__What is being asked__
Every line from the one holding "Some of the text" through the last line of the records must be retyped exactly, and no other line or picture may appear in the copy.

========================================

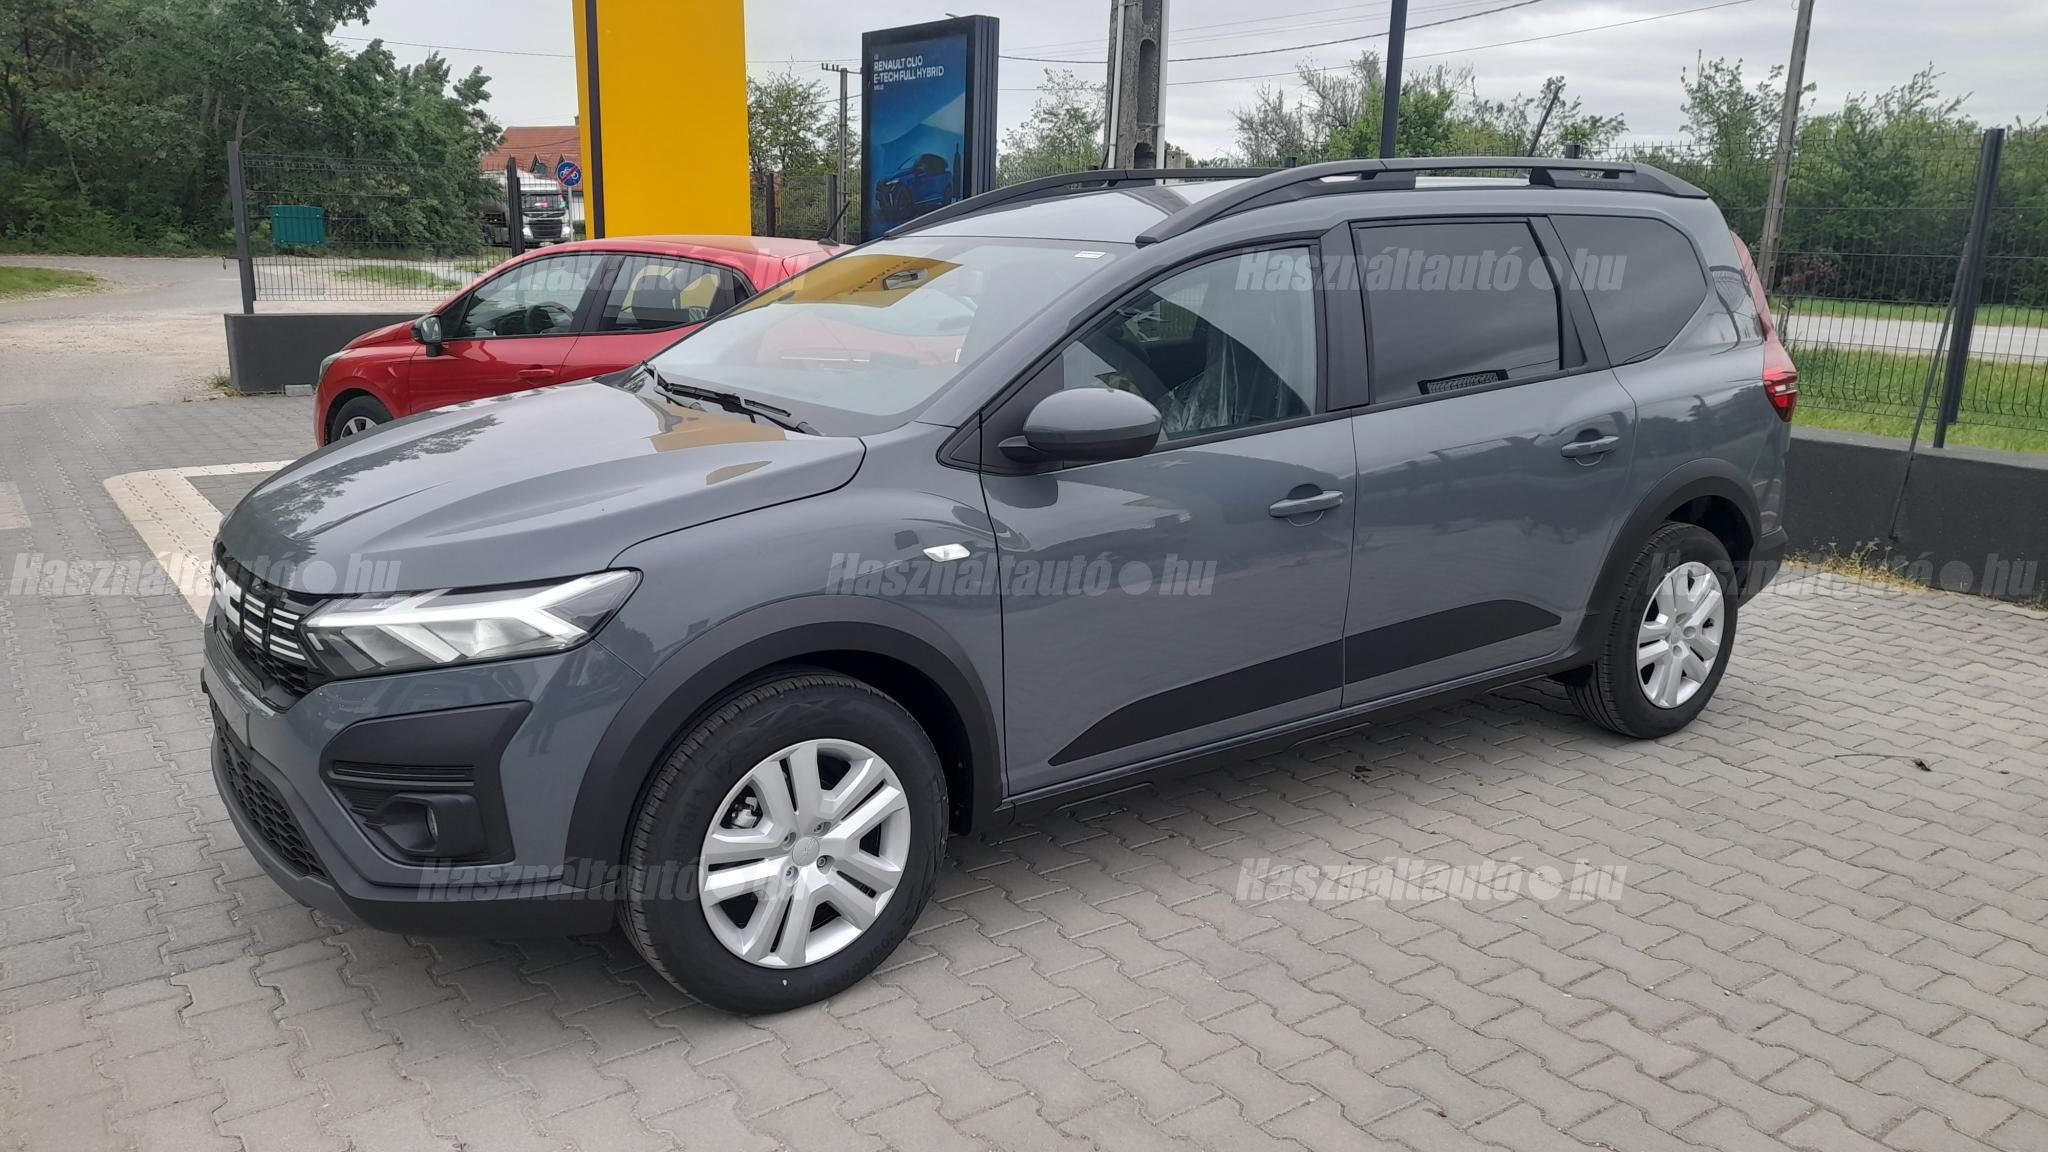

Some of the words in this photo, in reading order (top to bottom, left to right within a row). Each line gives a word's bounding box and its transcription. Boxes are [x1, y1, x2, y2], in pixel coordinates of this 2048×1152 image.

[873, 58, 905, 71] RENAULT
[906, 55, 922, 67] CLIO
[873, 72, 899, 83] E-TECH
[900, 70, 916, 80] FULL
[916, 66, 944, 78] HYBRID
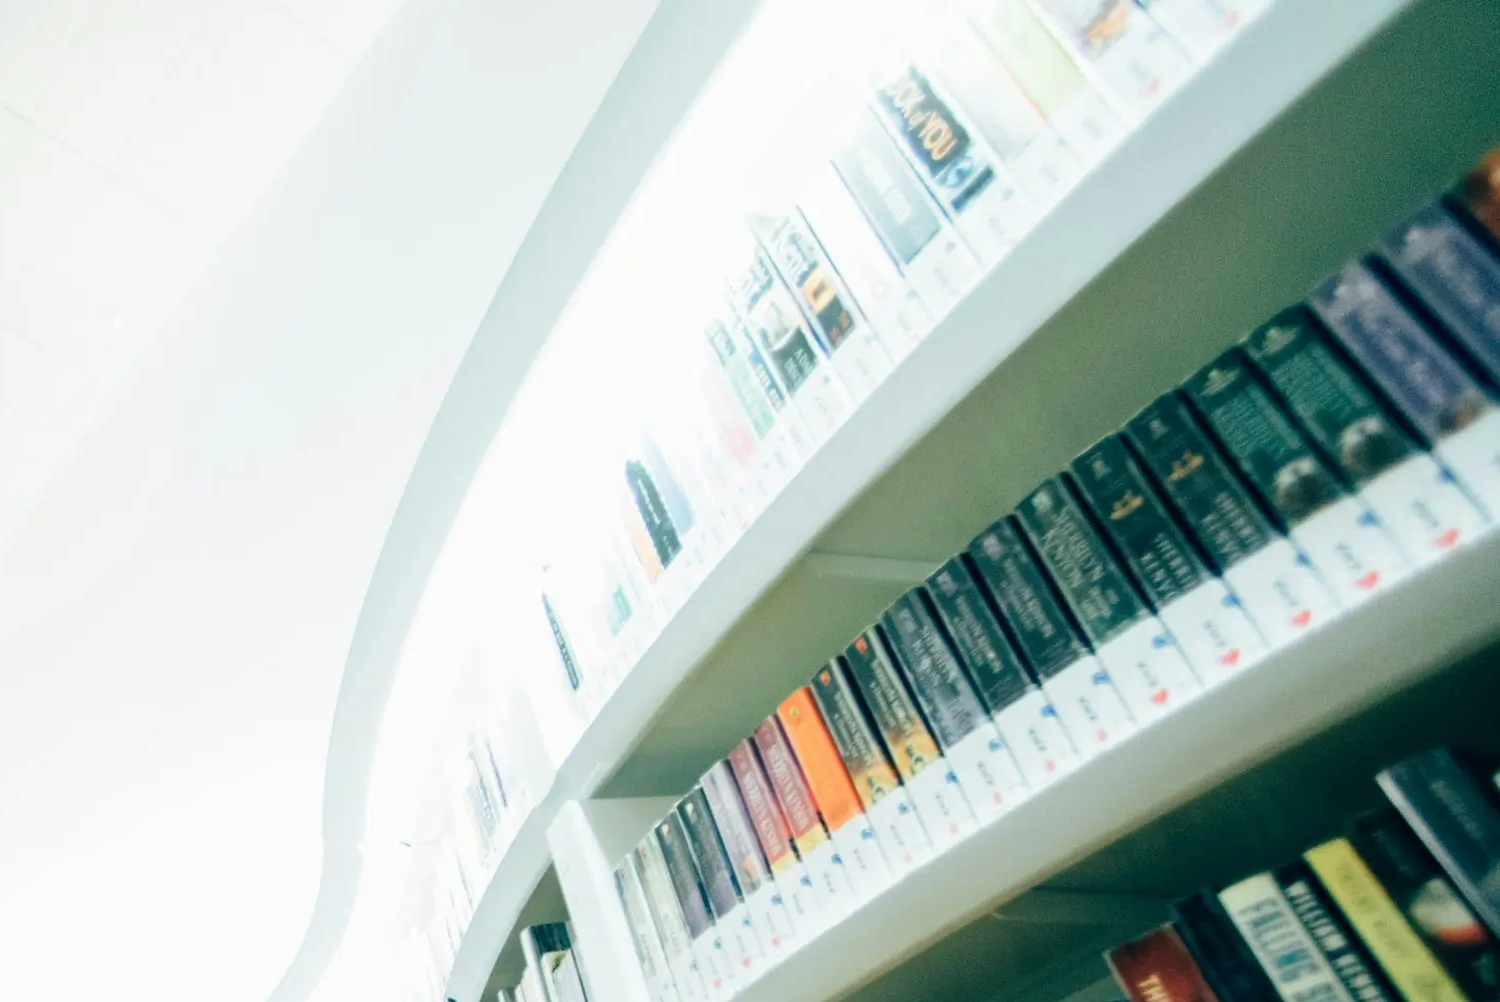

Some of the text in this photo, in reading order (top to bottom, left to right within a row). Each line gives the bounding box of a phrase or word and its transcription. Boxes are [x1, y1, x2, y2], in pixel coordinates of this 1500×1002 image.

[909, 110, 962, 163] YOU
[1233, 898, 1322, 984] FALLING
[1281, 881, 1349, 954] WILLIAM
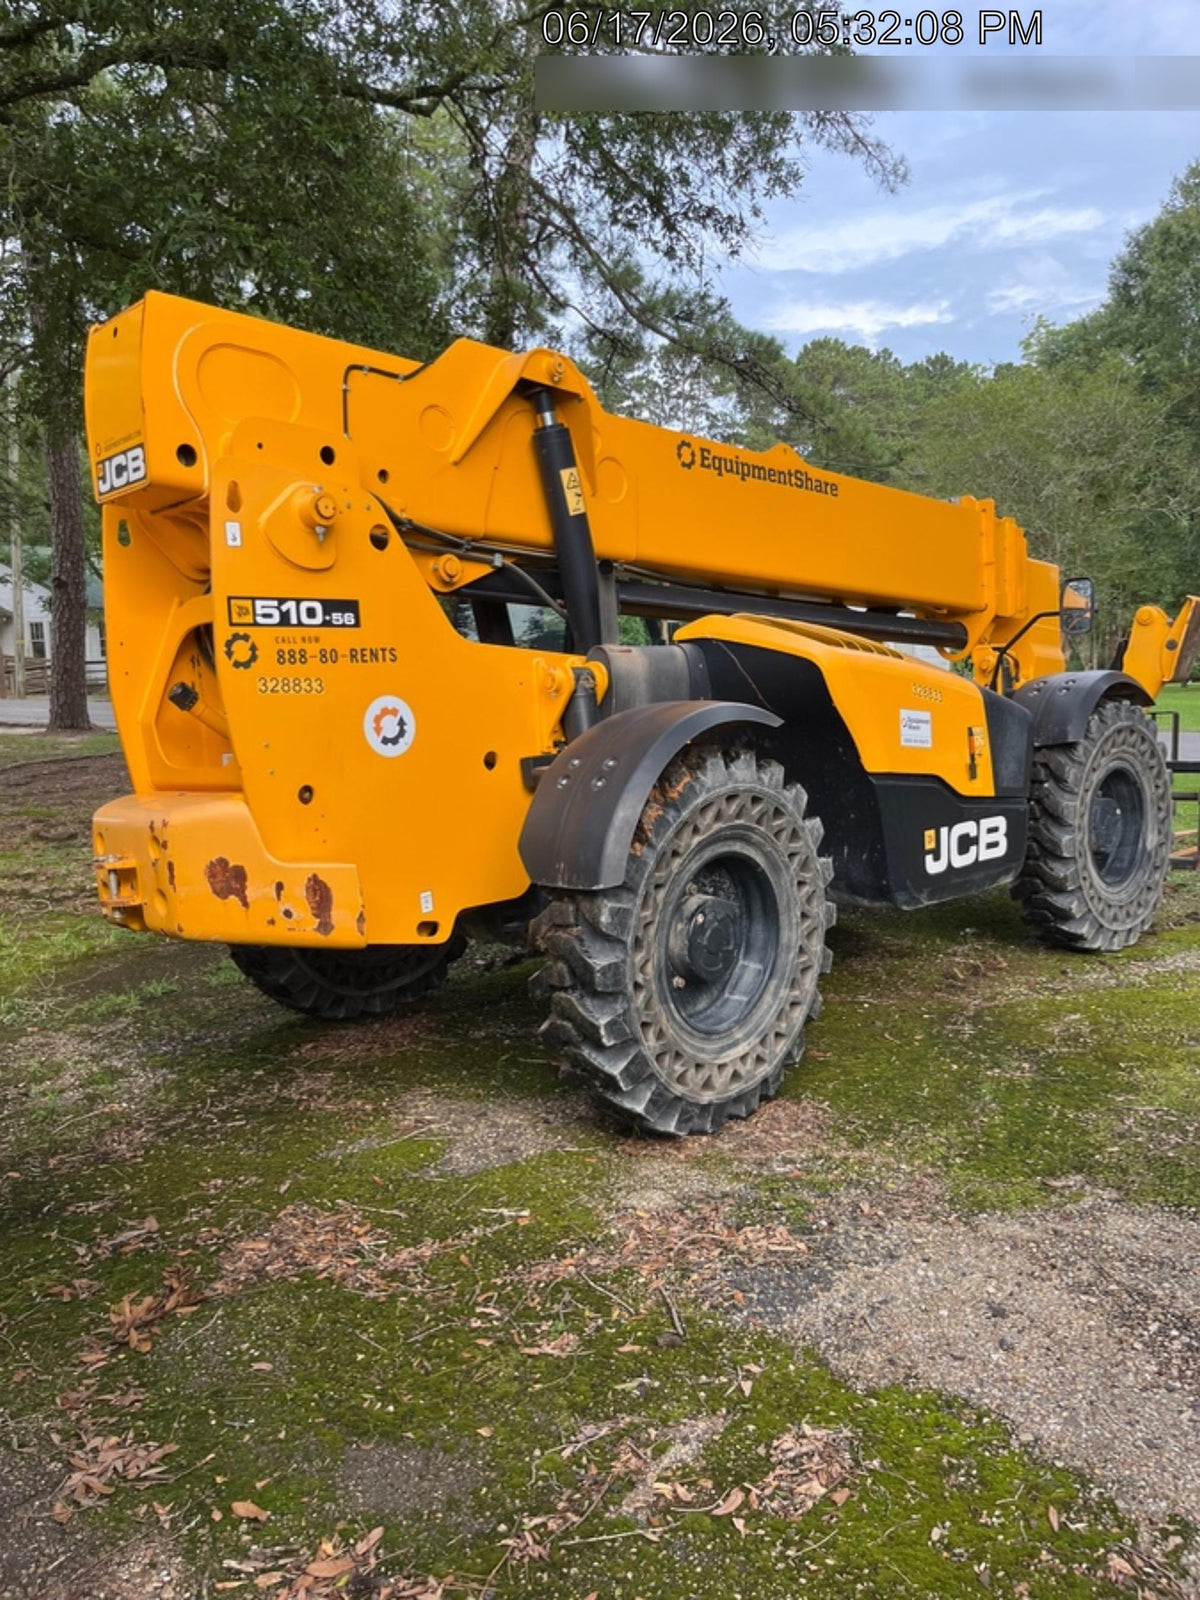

========================================

__Exercise solution__
Some of the text in this photo, in reading order (top to bottom, left to right within a row). Each line gives the bounding box of a phrase or word and its transcription. Boxes are [x1, y1, x2, y2], in pixel coordinates of this 1500×1002 image.

[909, 110, 962, 163] YOU
[1233, 898, 1322, 984] FALLING
[1281, 881, 1349, 954] WILLIAM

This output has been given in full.